Land claim negotiations should reflect reality; the GNWT should be part of the federal team and not a separate party at the negotiation table. Well yaaaaaaa!

There are over 5,000 Indigenous people in Yellowknife. That’s about 25 per cent of the population or one in every four people. If we all vote, we could really make a difference in who is elected here.

Last election, I ran in the Frame Lake constituency. One of the big reasons was that it is the Yellowknife area that had the largest Indigenous population.

When I went door to door in the constituency, virtually all of the Indigenous people I saw said they were glad I was running and would vote for me. Yay team.

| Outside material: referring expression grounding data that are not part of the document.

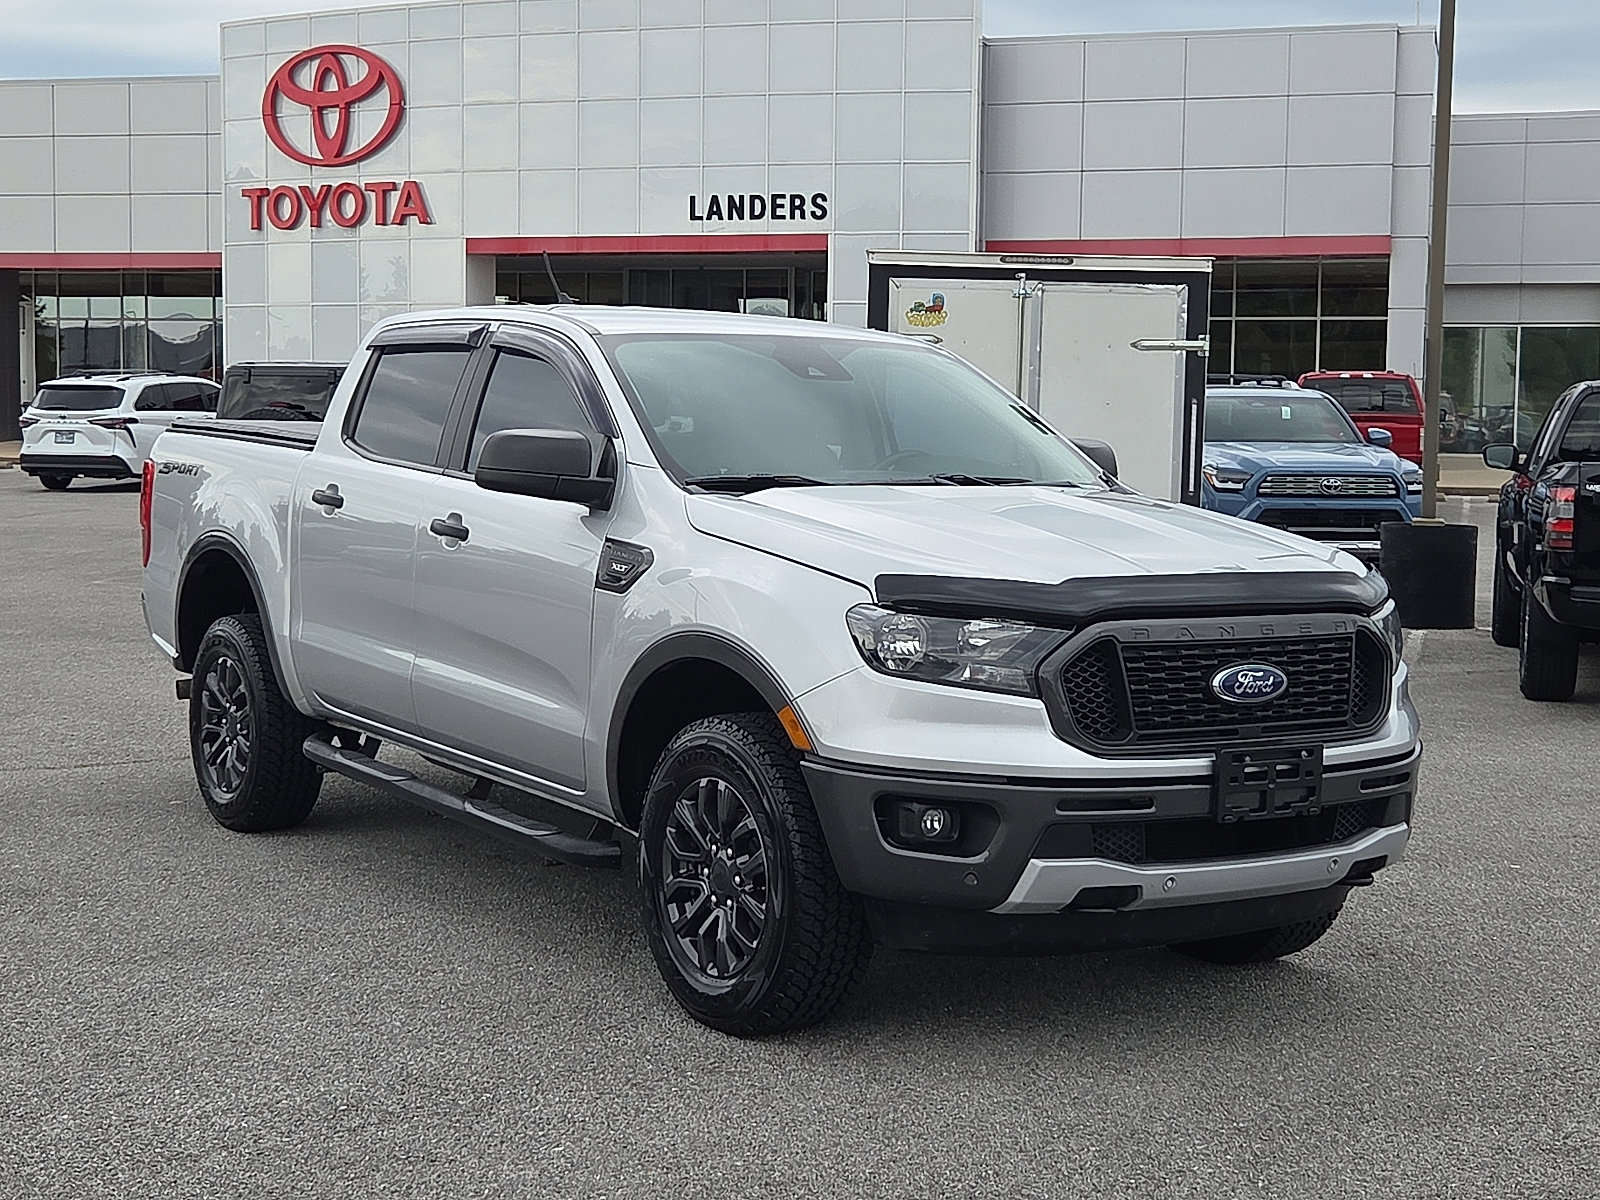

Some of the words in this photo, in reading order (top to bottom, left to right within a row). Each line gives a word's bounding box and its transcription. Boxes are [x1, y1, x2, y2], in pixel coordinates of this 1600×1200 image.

[241, 181, 432, 230] TOYOTA
[689, 193, 828, 221] LANDERS
[158, 462, 200, 476] SPORT
[610, 562, 629, 572] XLT
[1130, 620, 1349, 640] RANGER
[1233, 670, 1274, 695] Ford

We kept track of the people who said they supported me and got their phone numbers.
On election day, we contacted them and asked them if they wanted a ride to go vote. Almost all of them said they would go vote on their own. Woohoo.

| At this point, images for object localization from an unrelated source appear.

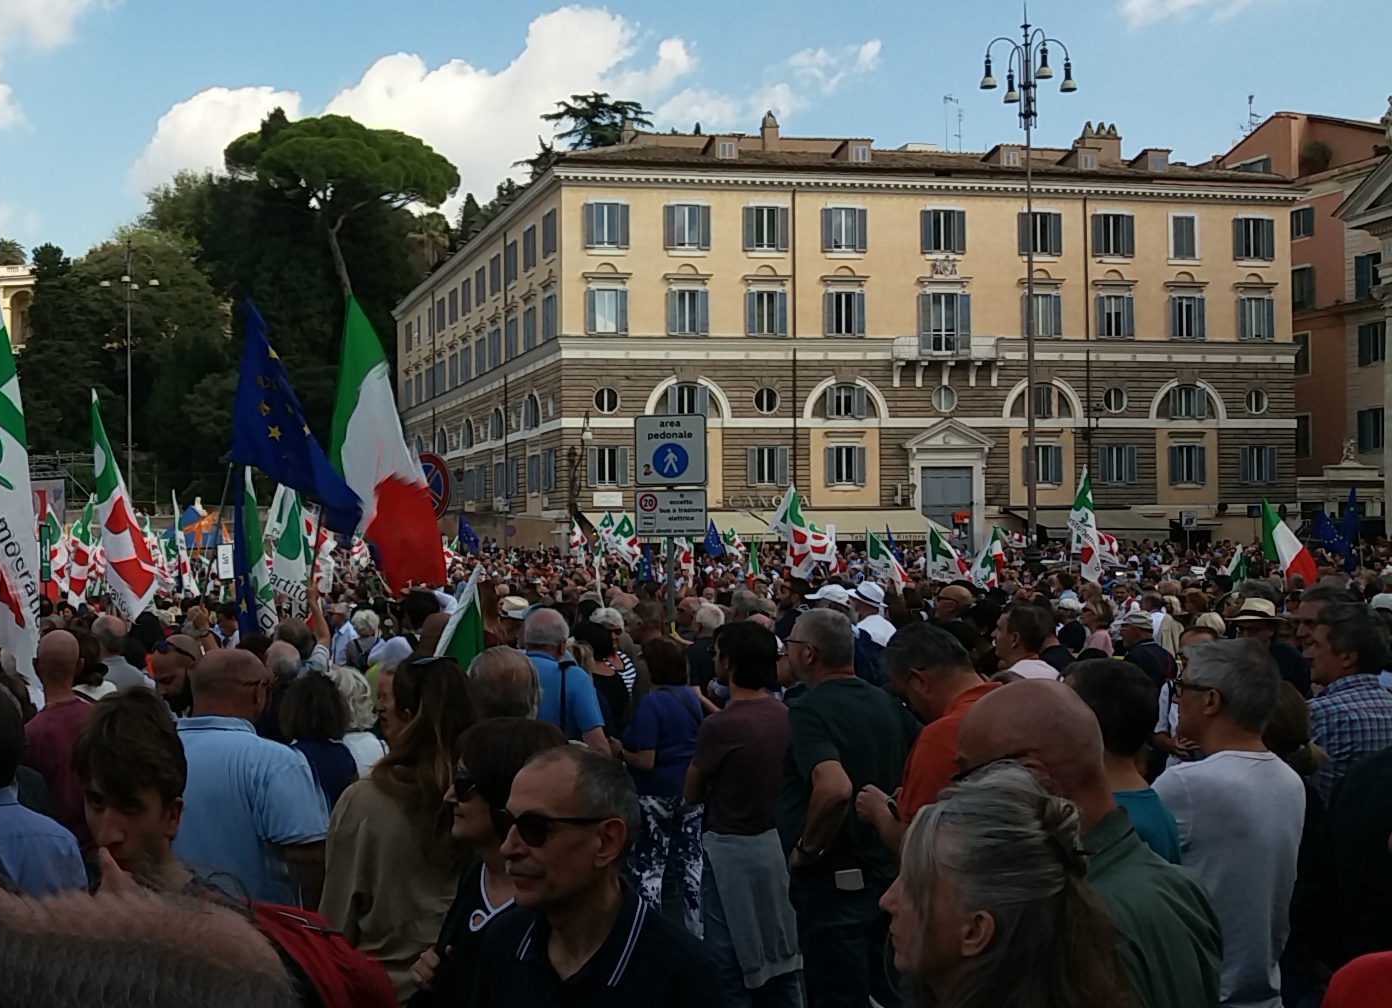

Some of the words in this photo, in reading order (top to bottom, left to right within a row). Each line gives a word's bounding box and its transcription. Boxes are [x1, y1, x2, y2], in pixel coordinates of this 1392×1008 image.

[659, 420, 681, 428] area
[647, 430, 693, 440] pedonale
[643, 499, 654, 507] 20
[728, 494, 812, 508] CANOA
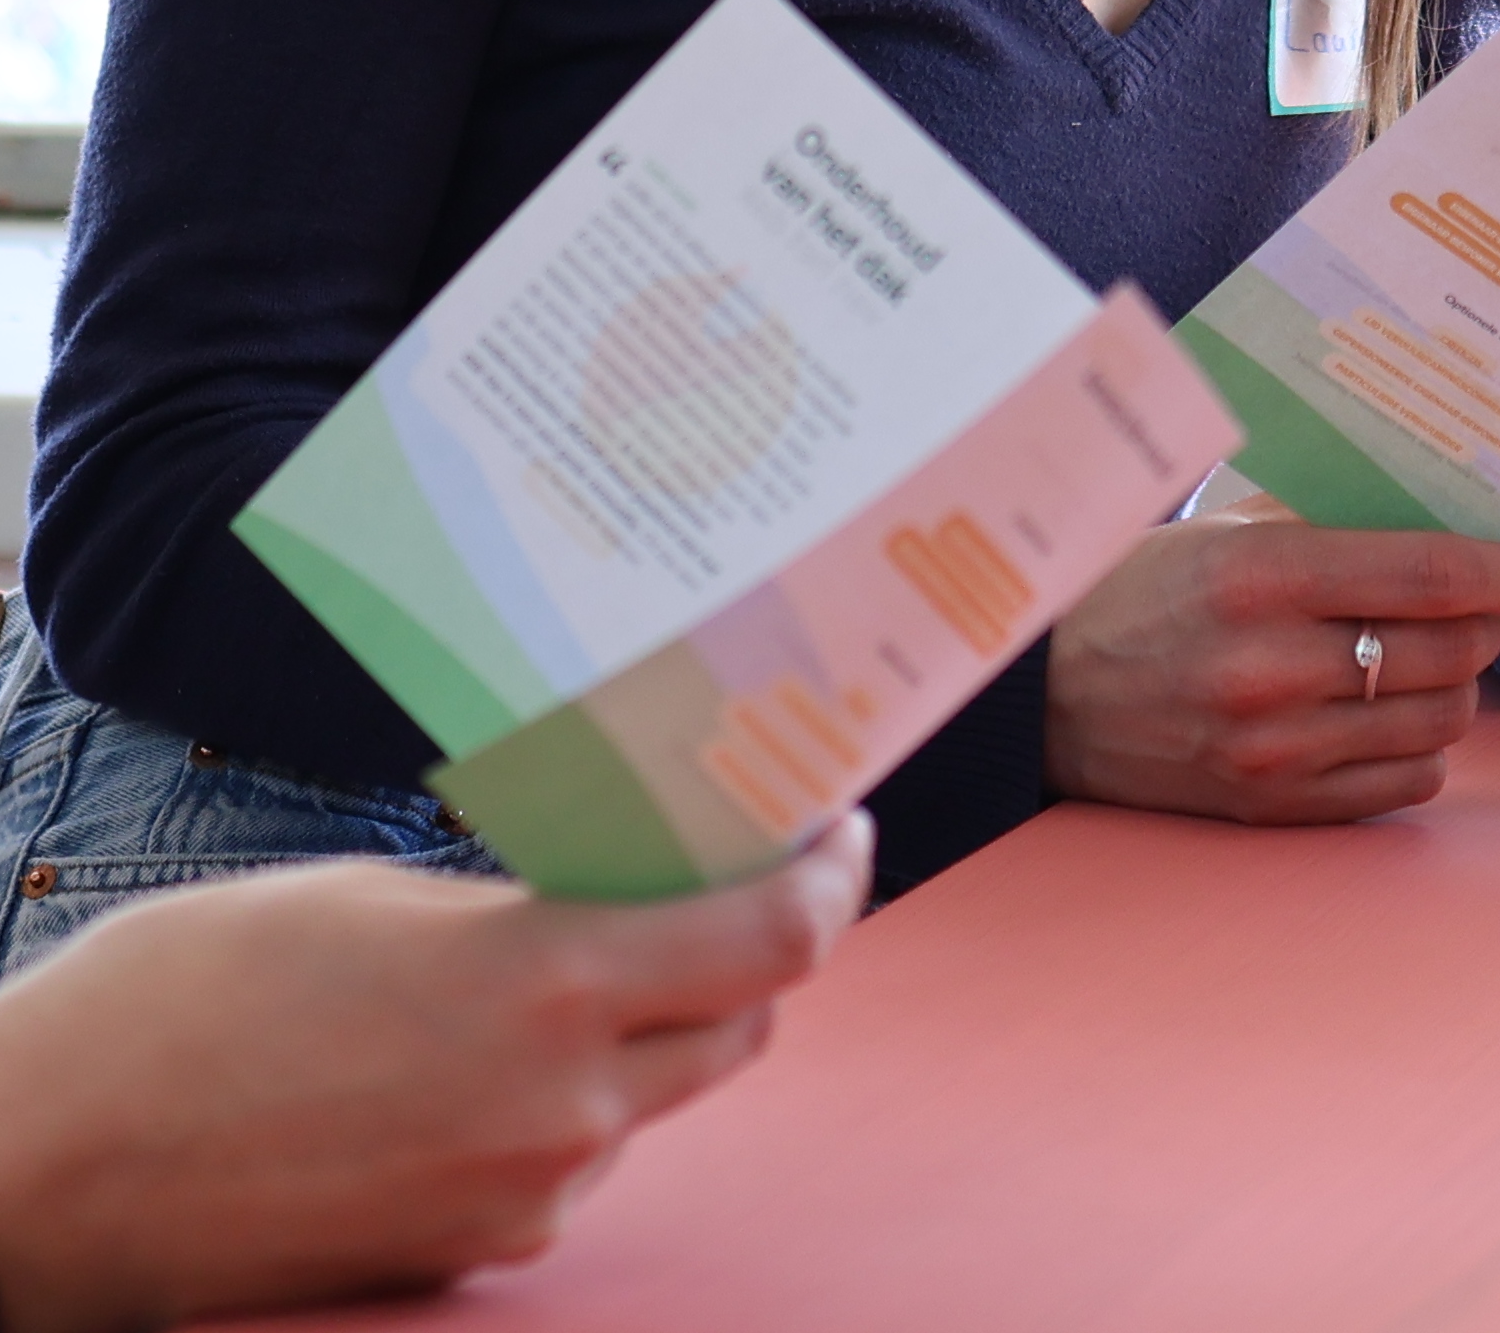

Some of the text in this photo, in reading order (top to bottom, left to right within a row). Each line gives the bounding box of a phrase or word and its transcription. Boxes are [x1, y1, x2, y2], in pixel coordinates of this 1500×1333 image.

[762, 158, 812, 215] van
[808, 201, 861, 260] het
[853, 253, 911, 309] dak
[796, 124, 948, 274] Onderhoud
[1443, 293, 1499, 336] Optionele

Many of them said they already voted, and we kept track of everybody who said that. We also had people at the polls keeping track so we knew who had voted – and who didn’t.

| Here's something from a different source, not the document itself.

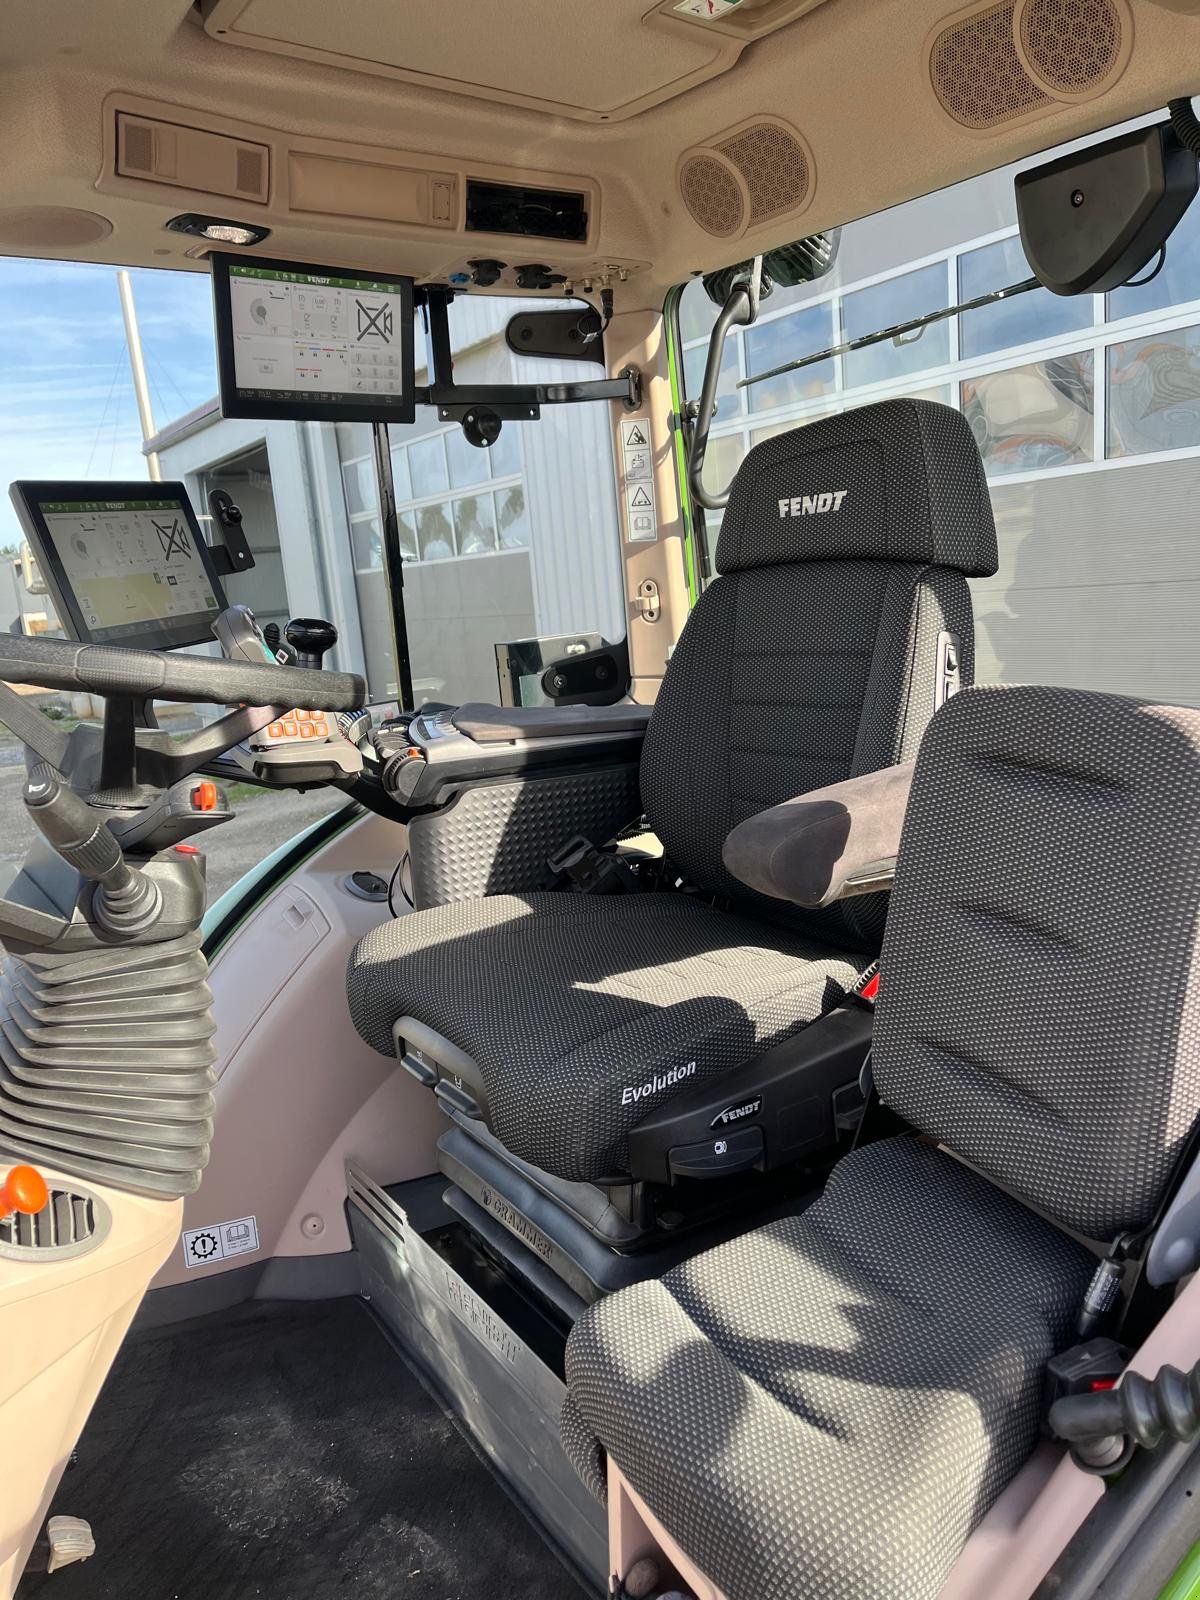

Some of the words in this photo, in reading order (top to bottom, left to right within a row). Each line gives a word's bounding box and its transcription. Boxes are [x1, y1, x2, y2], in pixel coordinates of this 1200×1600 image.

[778, 489, 848, 518] FENDT
[621, 1061, 696, 1106] Evolution
[721, 1100, 761, 1124] FENDT
[493, 1199, 553, 1260] GRAMMER

An Indigenous person, who I’ll call Bob, ran in a previous election in Yellowknife and he also said many, many Indigenous people who said they would vote for him did not go out and vote, because his team kept track of who voted too. Not cool, man.

Rock the Indigenous Vote

So the point to all of this is that Indigenous people need to get out and vote. If all the people who said they would vote for Bob and I had indeed voted, we would have been elected. And Indigenous people can get other good people elected. If we just get out and vote!

Before the last federal election, a Facebook page called “Rock the Indigenous Vote” was created by Cara Currie-Hall, a First Nations lady from Maskwacis.

Cara felt Canada needed a change in government and that Indigenous people could collectively sway the vote.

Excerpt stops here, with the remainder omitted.